* Work request:
Transcribe all the records exactly and omit any images they hold.

* Data to examine:
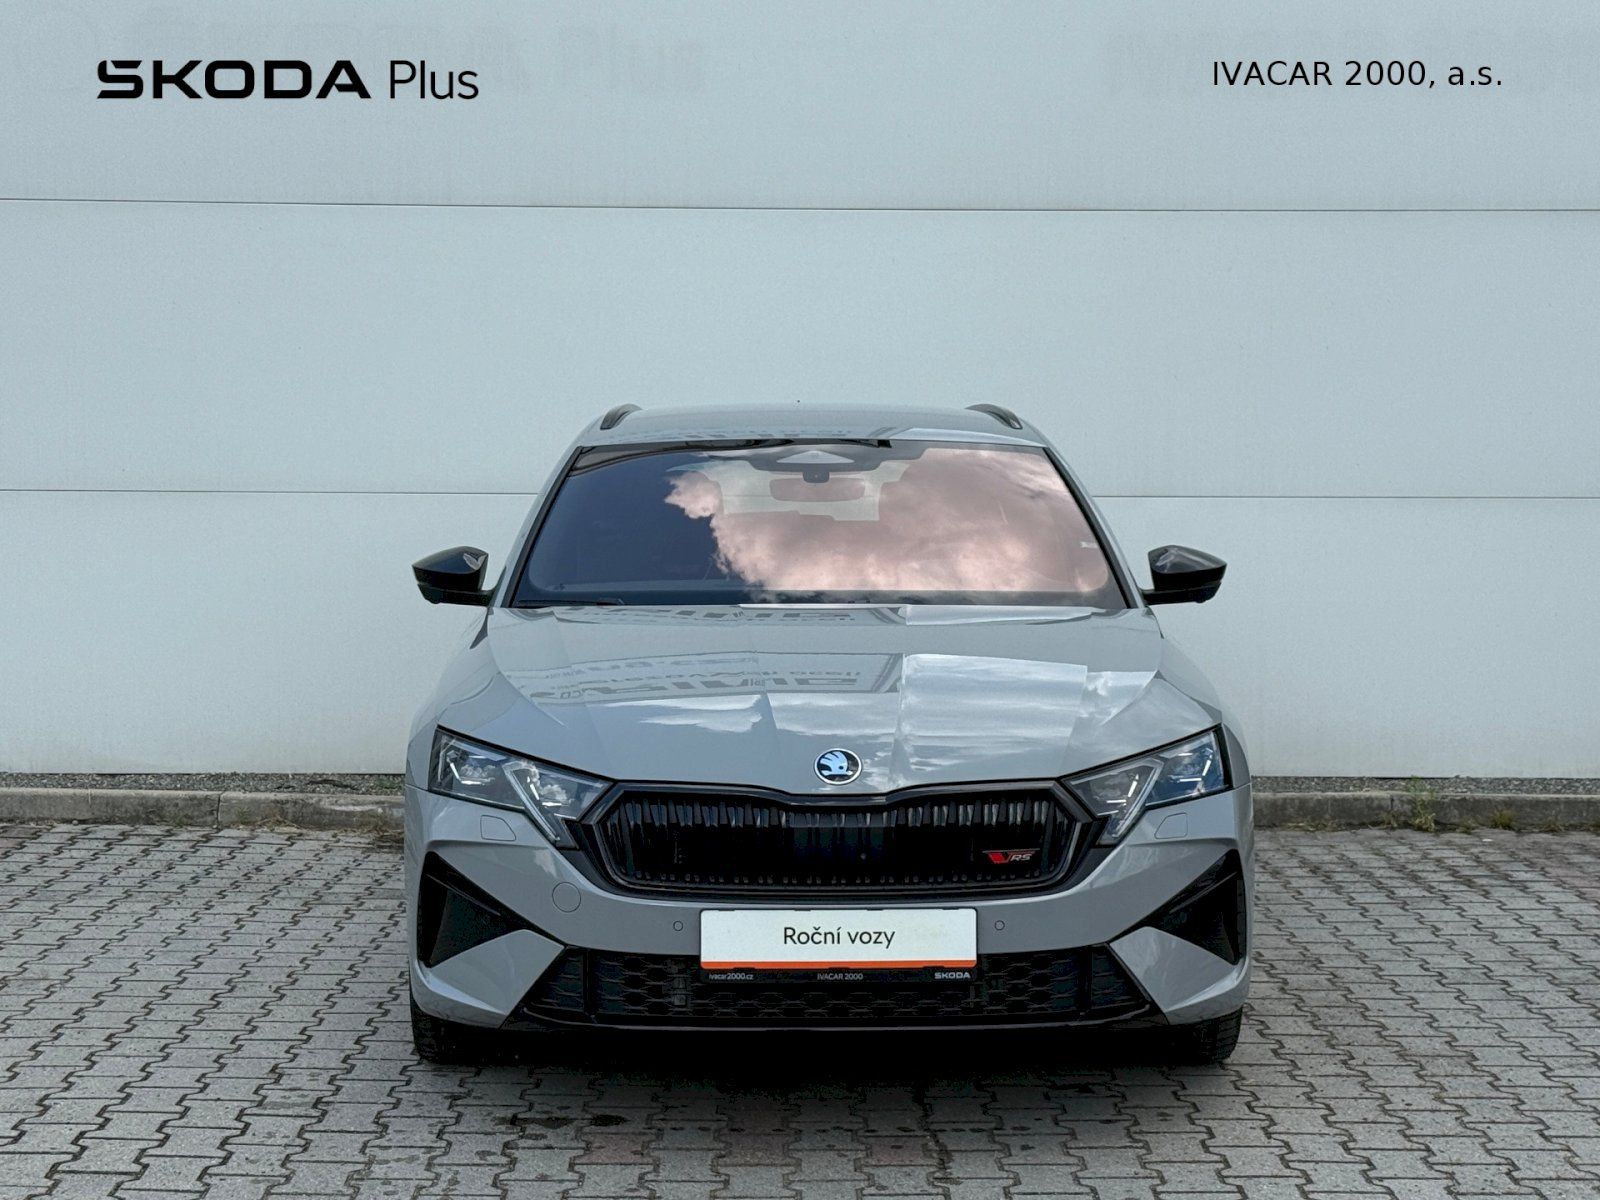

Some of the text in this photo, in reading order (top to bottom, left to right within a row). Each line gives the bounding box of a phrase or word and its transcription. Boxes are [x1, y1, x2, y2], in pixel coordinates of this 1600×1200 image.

[783, 926, 896, 949] Roční vozy
[708, 972, 754, 980] ivacar2000.cz
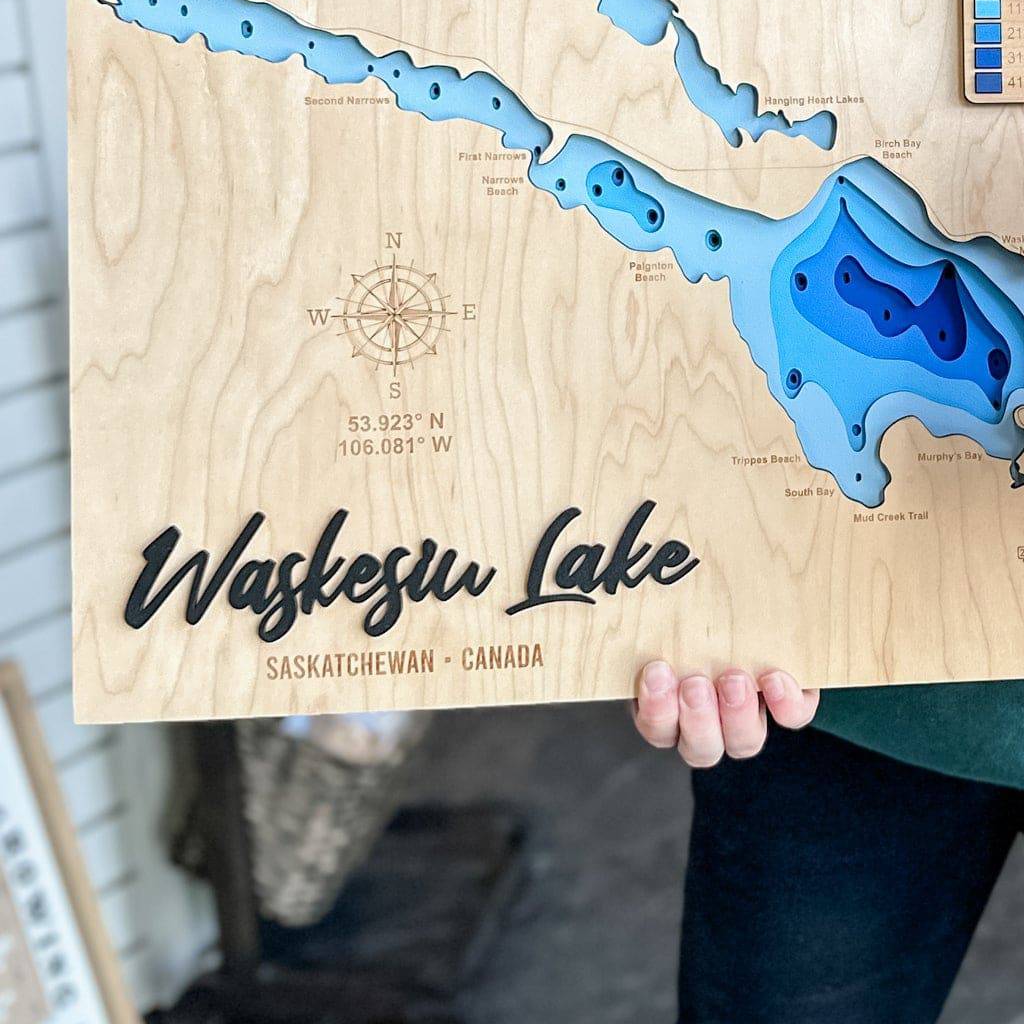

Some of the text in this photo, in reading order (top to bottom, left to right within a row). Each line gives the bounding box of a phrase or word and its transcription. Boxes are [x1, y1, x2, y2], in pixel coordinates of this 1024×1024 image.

[304, 96, 390, 106] Second Narrows
[765, 95, 865, 106] Hanging Heart Lakes
[875, 139, 921, 149] Birch Bay
[458, 152, 527, 161] First Narrows
[883, 150, 912, 159] Beach
[482, 176, 524, 185] Narrows
[487, 187, 519, 196] Beach
[385, 232, 402, 249] N
[629, 262, 674, 272] Paignton
[635, 273, 666, 282] Beach
[306, 309, 331, 326] W
[462, 303, 476, 321] E
[389, 382, 401, 399] S
[430, 412, 444, 430] N
[432, 435, 453, 453] W
[731, 454, 801, 466] Trippes Beach
[917, 451, 983, 463] Murphy's Bay
[784, 487, 835, 499] South Bay
[853, 511, 929, 523] Mud Creek Trail
[123, 499, 701, 643] Waskesiu Lake
[267, 642, 544, 680] SASKATCHEWAN CANADA

* Answer for this exercise:
Some of the text in this photo, in reading order (top to bottom, left to right within a row). Each line gives the bounding box of a phrase or word and its transcription. Boxes are [x1, y1, x2, y2], in pixel coordinates of this 1600×1200 image.

[783, 926, 896, 949] Roční vozy
[708, 972, 754, 980] ivacar2000.cz

Some of the text in this photo, in reading order (top to bottom, left to right within a row). Each line gives the bounding box of a phrase or word and its transcription. Boxes are [x1, y1, x2, y2], in pixel coordinates of this 1024×1024 image.

[304, 96, 390, 106] Second Narrows
[765, 95, 865, 106] Hanging Heart Lakes
[875, 139, 921, 149] Birch Bay
[458, 152, 527, 161] First Narrows
[883, 150, 912, 159] Beach
[482, 176, 524, 185] Narrows
[487, 187, 519, 196] Beach
[385, 232, 402, 249] N
[629, 262, 674, 272] Paignton
[635, 273, 666, 282] Beach
[306, 309, 331, 326] W
[462, 303, 476, 321] E
[389, 382, 401, 399] S
[430, 412, 444, 430] N
[432, 435, 453, 453] W
[731, 454, 801, 466] Trippes Beach
[917, 451, 983, 463] Murphy's Bay
[784, 487, 835, 499] South Bay
[853, 511, 929, 523] Mud Creek Trail
[123, 499, 701, 643] Waskesiu Lake
[267, 642, 544, 680] SASKATCHEWAN CANADA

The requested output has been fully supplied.